Scandal & controversy for Park Theatre’s second year

PARK THEATRE

Is it too soon? London’s fledgling Park Theatre marks its second year by testing its patrons’ resolve with An Audience With Jimmy Savile the first play to examine the scandal that continues to shock the nation.

Park Theatre, named Fringe Theatre of the Year in the Stage 2015 awards, has Alistair McGowan leading the cast in Jonathan Maitland’s An Audience with Jimmy Savile which opens June 10.

Drawing extensively on material from genuine interviews, transcripts and TV shows, this is the first play to explore the shocking sex scandal.

Park Theatre’s artistic director, Jez Bond, said: “I’m thrilled to announce a full repertoire of shows taking you right to the end of the year.

“In true Park style we’re continuing to demonstrate our commitment to both new writing and great revivals, and to presenting bold, relevant and challenging plays.

Jez Bond
Jez Bond

“I believe that theatre is not just entertainment – it’s also about opening discussion and challenging perspectives, holding a mirror up to nature and tackling even the most uncomfortable of issues so we learn from our mistakes.”

The venue, nestled behind Finsbury Park tube station, has also lined up Lady Anna: All At Sea, from August, a new play by Craig Baxter, inspired by the writing of Anthony Trollope.

Trollope writes two thousand words of his latest novel, Lady Anna, daily before breakfast on board the SS Great Britain bound for Australia.
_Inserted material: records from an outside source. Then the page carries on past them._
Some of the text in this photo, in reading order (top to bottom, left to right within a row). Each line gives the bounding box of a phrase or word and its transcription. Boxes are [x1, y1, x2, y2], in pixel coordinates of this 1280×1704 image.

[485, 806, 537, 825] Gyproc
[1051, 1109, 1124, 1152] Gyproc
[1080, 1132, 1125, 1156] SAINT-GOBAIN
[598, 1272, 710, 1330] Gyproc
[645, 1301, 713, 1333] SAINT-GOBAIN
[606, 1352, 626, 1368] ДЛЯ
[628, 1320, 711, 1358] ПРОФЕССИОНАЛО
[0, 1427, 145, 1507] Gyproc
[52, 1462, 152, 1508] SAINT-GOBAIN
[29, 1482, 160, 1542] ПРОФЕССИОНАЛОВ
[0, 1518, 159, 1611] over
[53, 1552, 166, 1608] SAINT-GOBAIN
His fellow passengers are profoundly shocked by its content. Is Trollope himself a surprising radical pitted against the status quo? Or is it his characters that his companions find so disturbing?

In the novel, scandal is in the air. A very British scandal involving fraud, bigamy, a disputed title, a legal case, madness and, ultimately, attempted murder.
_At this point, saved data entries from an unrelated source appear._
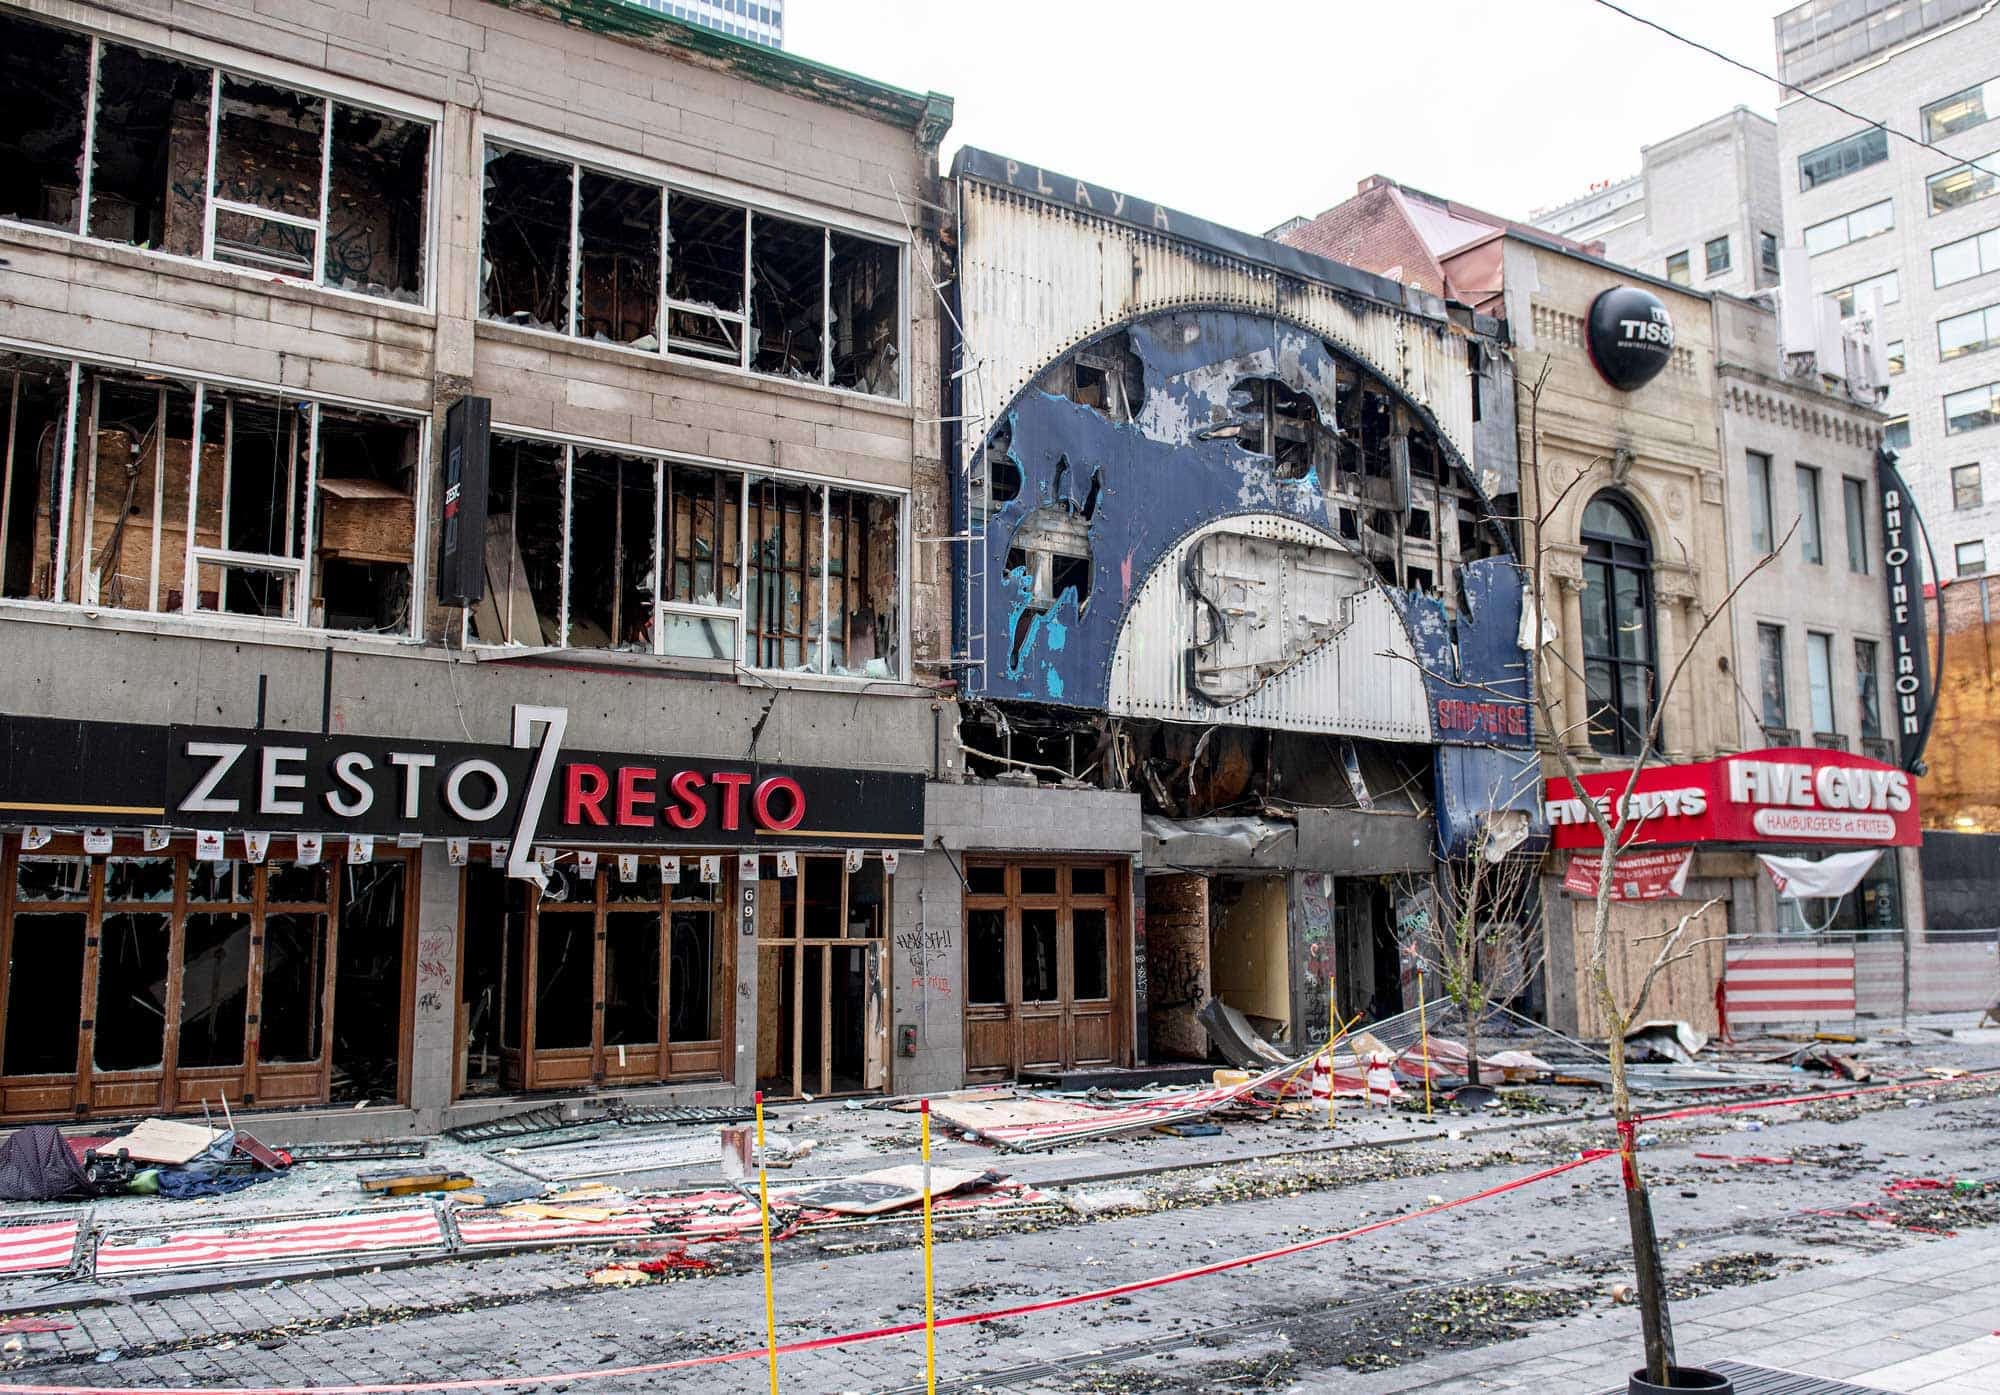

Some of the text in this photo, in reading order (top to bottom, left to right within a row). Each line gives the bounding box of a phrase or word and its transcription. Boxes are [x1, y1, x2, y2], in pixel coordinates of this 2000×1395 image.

[1006, 159, 1169, 232] PLAYA
[176, 742, 508, 822] ZESTO
[564, 763, 806, 832] RESTO
[1546, 787, 1707, 826] FIVE GUYS
[1728, 759, 1911, 812] FIVE GUYS
[1767, 814, 1841, 833] HAMBURGERS
[1856, 818, 1889, 834] FRITES
Lady Anna: All at Sea is a new play which considers how power and prejudice act as a crucible of corruption; about how an intolerant society too easily becomes a very dangerous thing.

Steve Thompson’s witty and uncompromising comedy Roaring Trade (September) exposes the dark underbelly of the financial sector as the curtain allegedly comes down on the recession.
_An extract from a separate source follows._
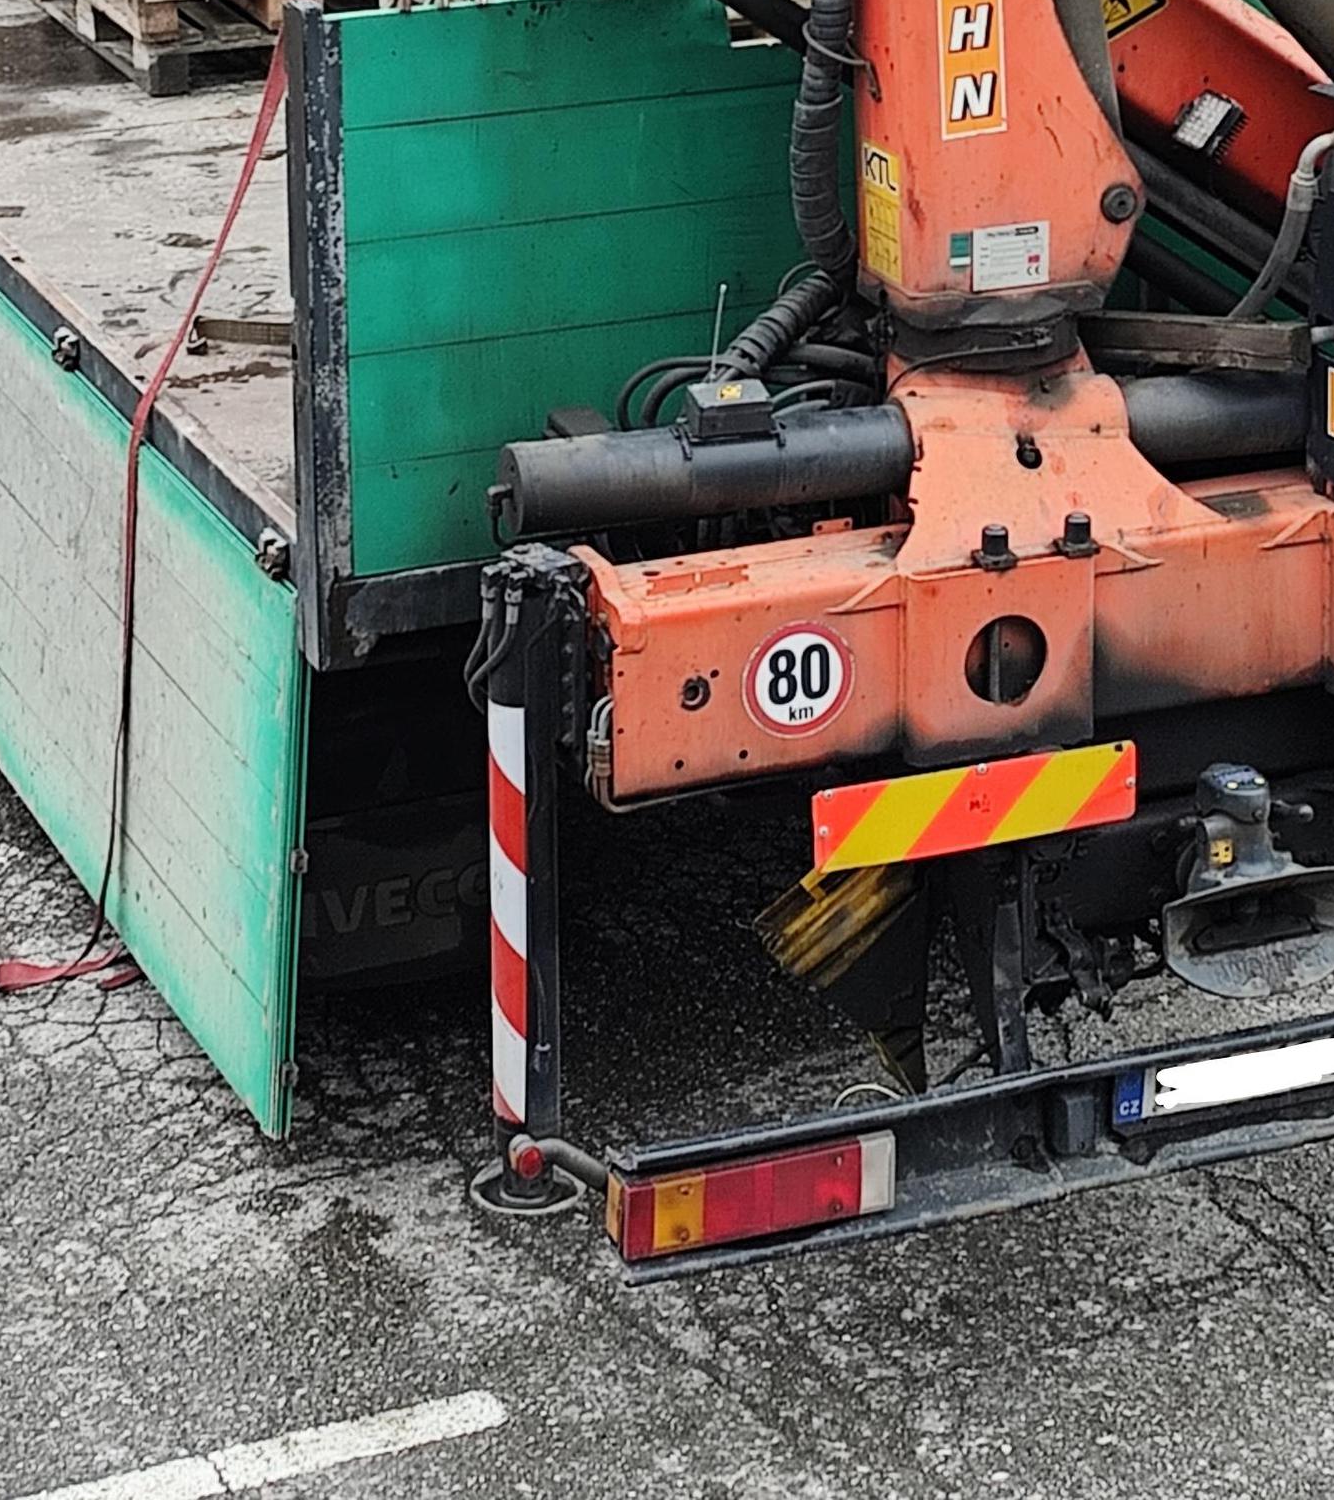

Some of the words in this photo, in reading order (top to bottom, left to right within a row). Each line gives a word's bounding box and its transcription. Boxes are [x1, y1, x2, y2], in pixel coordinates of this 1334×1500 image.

[768, 643, 830, 705] 80
[789, 706, 813, 721] km
[1119, 1099, 1140, 1116] CZ
In Canary Wharf four wildly different bond traders put their limits to the test. The coarse tactics of big swinging dick, Donny, are challenged when a younger fresher new arrival fights to stake a claim in the bank.

With Jess wrapping clients around her little finger, bright Cambridge grad Spoon has to catch up fast. Struggling to paper over the cracks of a family life in suburbia, seasoned trader PJ lags behind.

In glass buildings that never sleep, is there a glass ceiling and what will it take for it to shatter?

In Steve Thompson’s (Dr Who/Sherlock/Upstairs Downstairs) witty and uncompromising play power, lust and ambition run unbridled.

Dark and poignant family drama The Gathered Leaves (July), puts three generations together with the aim of putting the past behind them.

The Pennington family have not been in the same room for over 17 years. But on the eve of William’s 75th birthday, all three generations gather.

And internationally acclaimed Pulitzer Prize winning play Dinner with Friends makes its UK debut in October.

Dinner with Friends is a tantalilzing and witty portrayal of relationships. Follow Beth, Tom, Karen and Gabe, whose lives, once inextricably linked, start to come undone.

The Park90 season features a new revival of Nick Darke’s masterpiece The Dead Monkey directed by Hannah Price almost thirty years since it was first staged by the RSC; Inspired by true stories, Shaun Kitchener’s Positive, is a refreshingly honest and ultimately uplifting comedy breaking down the out-dated preconceptions surrounding HIV; Julia Pascal’s family drama Crossing Jerusalem explores the most politically tense city in the world during the last intifada; the world premiere of Gemma Page and Michael Kirk’s Hatched ‘n’ Dispatched is a mucky romp through the morals, memories and music of the 1950s; Daniel Dingsdale’s biting cultural satire Dark Tourism explores media cynicism and the world of celebrity and spin; Deafinitely Theatre will use two actors to creatively combine British Sign Language, visual storytelling and the spoken word to bring George Brant’s one woman show Grounded to life; ACS Random present a double bill to coincide with the 110th anniversary of Henry Irvine’s death, The Knight from Nowhere / The Bells.